There was a church on the site of St. Mary's as early as 1190 but very little of this survives. The church was replaced by a larger building about 1310 of which the chancel remains. Raymond Richards mentions that beyond the altar rail is a triple sedilia and a double piscina in the Decorated style. There is an effigy in a recess in the sanctuary of Richard de Vernon, who was rector from 1306-1334. He was the second son of Sir Ralph de Vernon of Shipbrooke. Richards states that the crowning glory of the chancel is the timber roof built during the time of Richard de Vernon. The only other example of this type of roofing in the county is at Tarvin. There was major rebuilding om 1812-14 in which limestone was employed whereas the chancel was built in sandstone. Richards notes that some fine roofing in the rest of the church was lost in the 1812 restoration and that the church was so solid that gunpowder was needed to remove some of the foundations. In a further restoration of 1848, the Vernon Chapel was destroyed.
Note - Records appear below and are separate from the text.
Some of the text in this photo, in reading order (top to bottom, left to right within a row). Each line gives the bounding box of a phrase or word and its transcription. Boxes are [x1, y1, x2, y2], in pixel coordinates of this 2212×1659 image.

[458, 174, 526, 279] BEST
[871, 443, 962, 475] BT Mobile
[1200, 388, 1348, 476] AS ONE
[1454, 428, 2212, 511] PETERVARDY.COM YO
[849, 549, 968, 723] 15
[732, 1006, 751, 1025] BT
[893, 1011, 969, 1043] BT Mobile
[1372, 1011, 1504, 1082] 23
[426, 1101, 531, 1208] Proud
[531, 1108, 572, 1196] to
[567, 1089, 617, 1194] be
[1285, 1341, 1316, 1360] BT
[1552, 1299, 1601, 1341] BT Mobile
Pevsner, in introducing the town, remarks that the last remains of the Stockport Castle were destroyed in 1775. It was built in the late 12th century and lay just NW of the church. The site was used by Sir George Warren to build a circular cotton mill with battlements.
Nearer the Mersey at St. Peter's Gate is the church of St. Peter built in 1768 at the expense of William Wright. Pevsner describes it as modest, built of brick with arched windows with an octagonal top to the tower. The chancel dates from 1888 an there is a west gallery. Near the church is the Cobden Monument by George G. Adams dating from 1862. In 1838, Richard Cobden and John Bright founded the Anti-Corn Law League, aimed at abolishing the unpopular Corn Laws, which protected landowners’ interests by levying taxes on imported wheat, thus raising the price of bread. As a Member of Parliament for Stockport from 1841, he fought against opposition from the Peel ministry, and abolition was achieved in 1846. In 1847 he became MP for the West Riding of Yorkshire. There is also a statue of him in St. Anne's Square, Manchester.
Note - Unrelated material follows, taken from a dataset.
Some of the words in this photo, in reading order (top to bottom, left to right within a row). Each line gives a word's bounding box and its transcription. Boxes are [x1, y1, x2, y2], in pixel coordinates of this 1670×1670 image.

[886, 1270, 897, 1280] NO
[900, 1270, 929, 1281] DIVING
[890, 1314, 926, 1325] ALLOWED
The Central Library in Wellington Road South was built between 1912 and 1913 by Bradford, Gass and Hope in a style reminiscent of the Queen Anne period. The Railway viaduct across the Mersey has 27 arches. It was built between 1839 and 1840 just ten years after the first scheduled passenger service opened from Manchester to Liverpool. Architect was G. W. Buck.
The fabric map shown above was made by 280 young people. It hangs in the former Produce Hall and shows the districts of Reddish, The Heatons, Cheadle Heath, Gatley, Cheadle, Cheadle Hulme, Heald Green, Bridgehall, Bramall, Bramall Park, Woodford, Edgeley, Adswood, Davenport, Offerton, Hazel Grove, High Lane, Strines, Marple, Mellor, Romiley, Compstall, Woodley, Greave, Bredbury, Brinnington and Heaviley.
The Town Hall was built between 1904 and 1908 by Sir Alfred Bramwell Thomas. Pevsner describes it as in a William & Mary style with a Wren middle tower too high and too heavy for the body of the building. The Market Hall dates from 1862 while the Produce Hall was built in 1852. It was originally a single storey building but was adapted in 1875 to produce an upper storey for use as a library.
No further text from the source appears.